What is the alternative model that is postulated by scientists who reject the idea of a God of creation to explain the universe and of man’s place in it? The only possible response is the god of chance! The basic premise is that given a long enough time period anything that could happen, will happen.

Gamow6 produced the simile of a bevy of monkeys pounding randomly on typewriters and presumed that eventually, given eons of time, the results of their actions could explain how order could come out of chaos. Naturally, most of what they would produce on the pages in their typewriters would be gibberish (I guess today we would need to update this to word processing on their computers!), but buried in the nonsense would be all the sonnets and plays of Shakespeare as well as all the other works of literature ever written. By analogy we were led to believe that the same random chance interactions of matter and energy could account for the universe.
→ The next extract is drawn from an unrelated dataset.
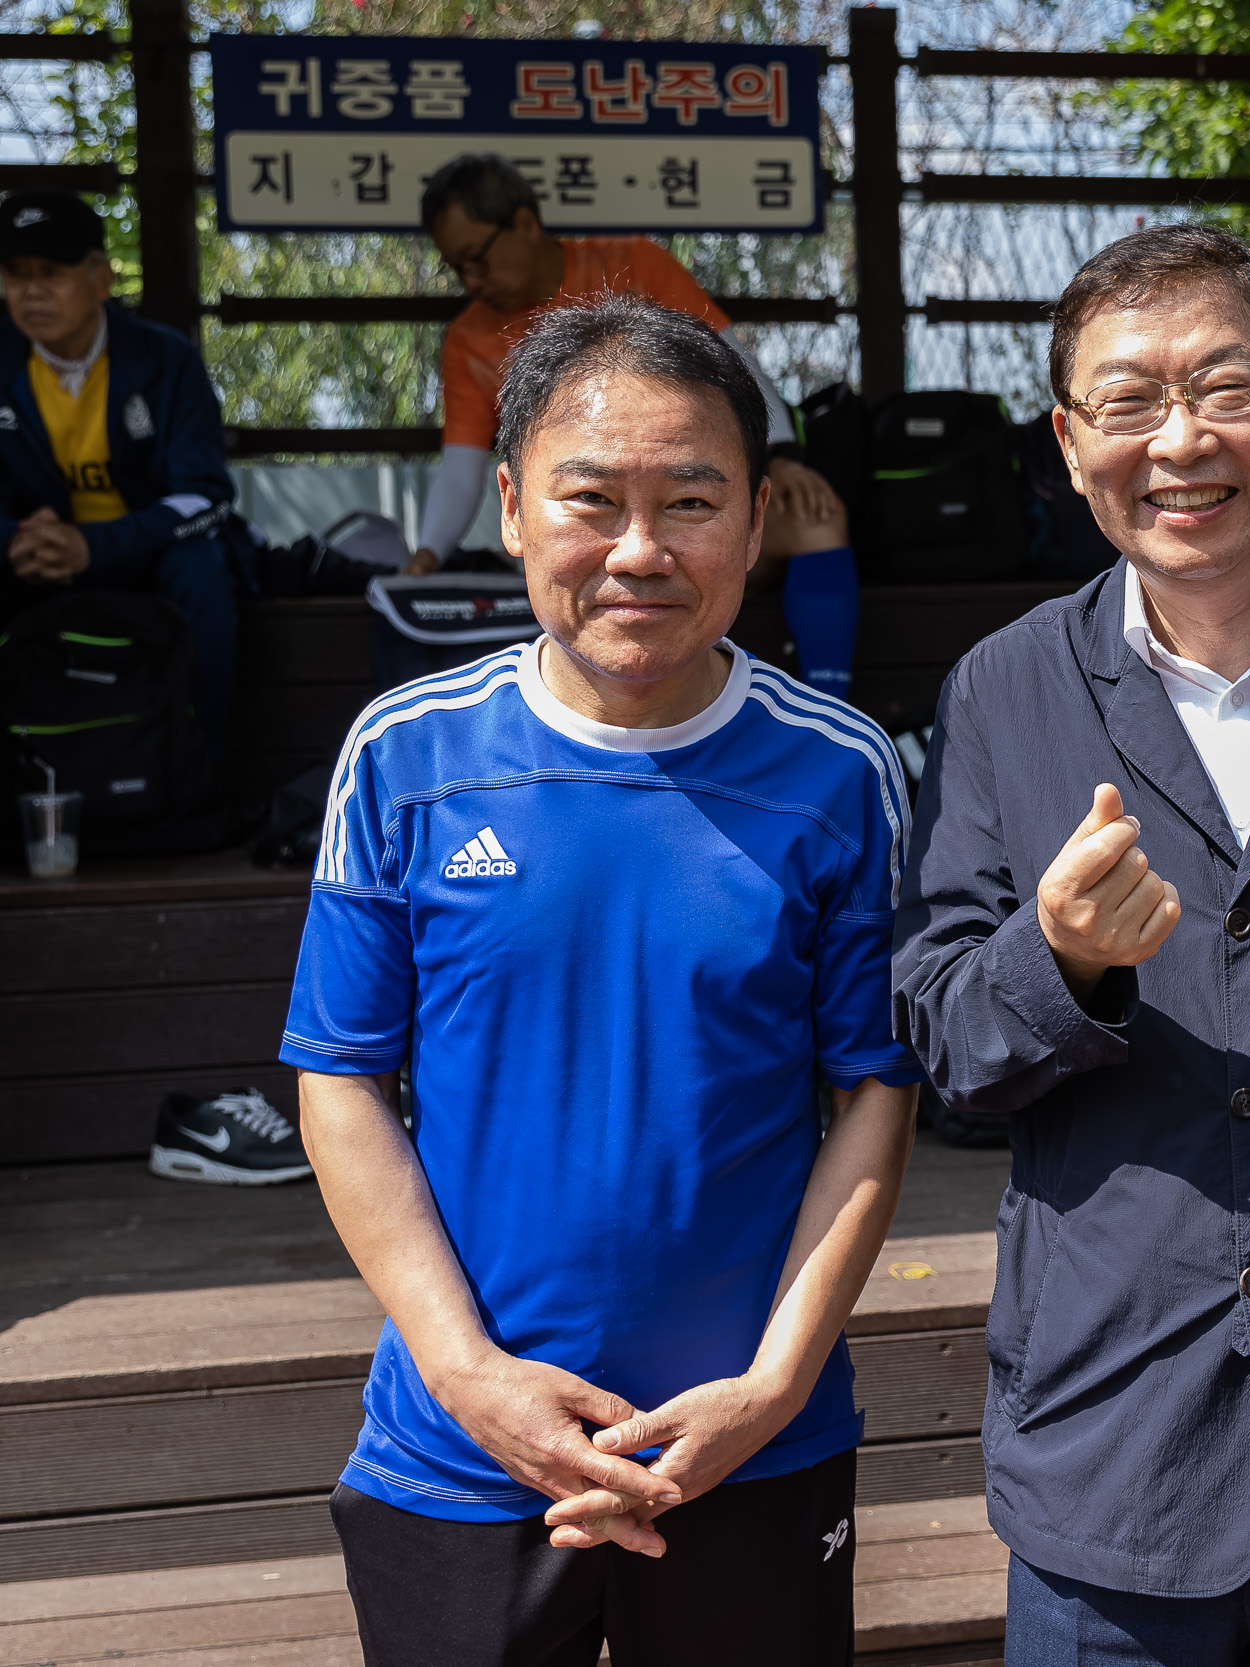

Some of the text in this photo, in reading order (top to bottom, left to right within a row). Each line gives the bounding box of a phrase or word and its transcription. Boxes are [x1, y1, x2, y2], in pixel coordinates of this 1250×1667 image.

Similar thinking was applied to the creation of life via the chance collisions of chemicals in a primordial stew energized by lighting. We were not supposed to need a specific creator and any hint of “intelligent design” in the universe was unnecessary. The flaw in the argument is obvious – who was responsible for designing and building the typewriters (or computers) and who created the monkeys in the first place?

I am of course being facetious, but in the end the idea of randomness and pure chance as the operating mechanisms that explain the creation of the universe and of life on this planet cannot be proved and rests entirely on faith.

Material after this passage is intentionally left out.